You're right! That is a good crop. Thanks!


----------



## A.Rotshtein (May 15, 2004)

Tanya very beautiful  

Nice shots in b&w love it...

Tanya looks great in the most of the shots.....well done  

AR


----------



## anua (May 15, 2004)

mark! i love #3!!!  
its great!

im not sure if i remember well.....hmmm.....these are your first model shots? :shock:  :shock:   or did i just mixed somethin'?
great job!
love your portraits -

(ps.i dont wanna be too picky -, but i would crop #1 even more from the top, just a little bit more   )


----------



## markc (May 15, 2004)

anua said:
			
		

> (ps.i dont wanna be too picky -, but i would crop #1 even more from the top, just a little bit more   )


Yeah, good idea. That was just a quick one to see what it was like. I'll probably play with it more later.

Friends have posed for me, and I've done candids of people I don't know, but this is the first time I've actively worked with someone I didn't already know and who had modeling experience. I didn't think I would like doing posed work, but I really enjoy the interaction.

One more.... for now.








The focus on her face is only a titch off, but at 1.4, it doesn't take much. I still like the pose, so I worked it up anyway.


----------



## Harpper (May 15, 2004)

From your 3rd set the 2nd & 3rd pictures are fantastic. She has a great pose in the 2nd picture and I don't know why but there is an innocent feel to that picture. She looks rather sweet in that picture. The 3rd picture has a nice touch to it. I like how her head is tilted to one side and the hair over her eyes adds character to the picture. 

Your 4th set is also a great picture. I definitely agree about the good pose. I also like how the wind is blowing her hair in the direction of her face. Along with the slanting horizon there is a uniqueness about this picture that makes it stand out from the rest.


----------



## manda (May 16, 2004)

I got dumped myself last night. 
Payback. 

I love these newer ones Mark especially the 2nd up close. She looks very natural in that one.


----------



## c0ntr0lz (May 16, 2004)

can i get her #?  she's just amazingly beautiful
ask her if she wants to move to dallas too.

great work
i like the new ones
i like the little smile she puts on


----------



## markc (May 18, 2004)

c0ntr0lz said:
			
		

> i like the little smile she puts on


Heh. I asked her about it, as it didn't seem like she wanted to give me a toothy smile. She said her canines are a bit prominent and she didn't like how they looked in pictures, so she usually had this sly little smile.
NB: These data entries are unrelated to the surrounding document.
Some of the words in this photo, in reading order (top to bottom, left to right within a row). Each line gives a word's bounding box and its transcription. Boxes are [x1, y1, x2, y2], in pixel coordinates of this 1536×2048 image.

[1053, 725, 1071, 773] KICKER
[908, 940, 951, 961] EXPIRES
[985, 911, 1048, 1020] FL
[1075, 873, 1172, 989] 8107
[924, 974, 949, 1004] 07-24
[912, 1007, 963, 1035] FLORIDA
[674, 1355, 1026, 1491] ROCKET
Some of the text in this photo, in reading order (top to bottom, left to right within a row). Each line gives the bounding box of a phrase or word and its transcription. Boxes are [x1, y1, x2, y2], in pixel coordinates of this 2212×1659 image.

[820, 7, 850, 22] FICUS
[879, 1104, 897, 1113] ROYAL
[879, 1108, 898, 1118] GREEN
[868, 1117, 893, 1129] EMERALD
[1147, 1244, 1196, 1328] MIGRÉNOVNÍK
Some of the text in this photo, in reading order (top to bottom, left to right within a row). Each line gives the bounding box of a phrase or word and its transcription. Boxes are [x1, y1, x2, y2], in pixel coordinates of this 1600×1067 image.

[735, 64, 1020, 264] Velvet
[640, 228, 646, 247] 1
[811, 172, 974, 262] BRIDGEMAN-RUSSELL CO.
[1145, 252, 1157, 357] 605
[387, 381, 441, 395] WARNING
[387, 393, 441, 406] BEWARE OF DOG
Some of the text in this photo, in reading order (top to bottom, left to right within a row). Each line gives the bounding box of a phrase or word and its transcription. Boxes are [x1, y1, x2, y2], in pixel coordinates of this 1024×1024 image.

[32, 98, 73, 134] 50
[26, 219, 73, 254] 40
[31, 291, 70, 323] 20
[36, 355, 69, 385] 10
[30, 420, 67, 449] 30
I'm finally finished with them, I think. It seemed like every day I would see something I wanted to change and I would go back and play with them again. I guess it's time to put my foot down and say I'm done.

Here's another:







And here's all of them.

I don't know if anyone would remember what they looked like before, but I'd be interested to hear what you think of the changes.


----------



## Moni (May 18, 2004)

This one is awsome 

Markc you really do well with models


----------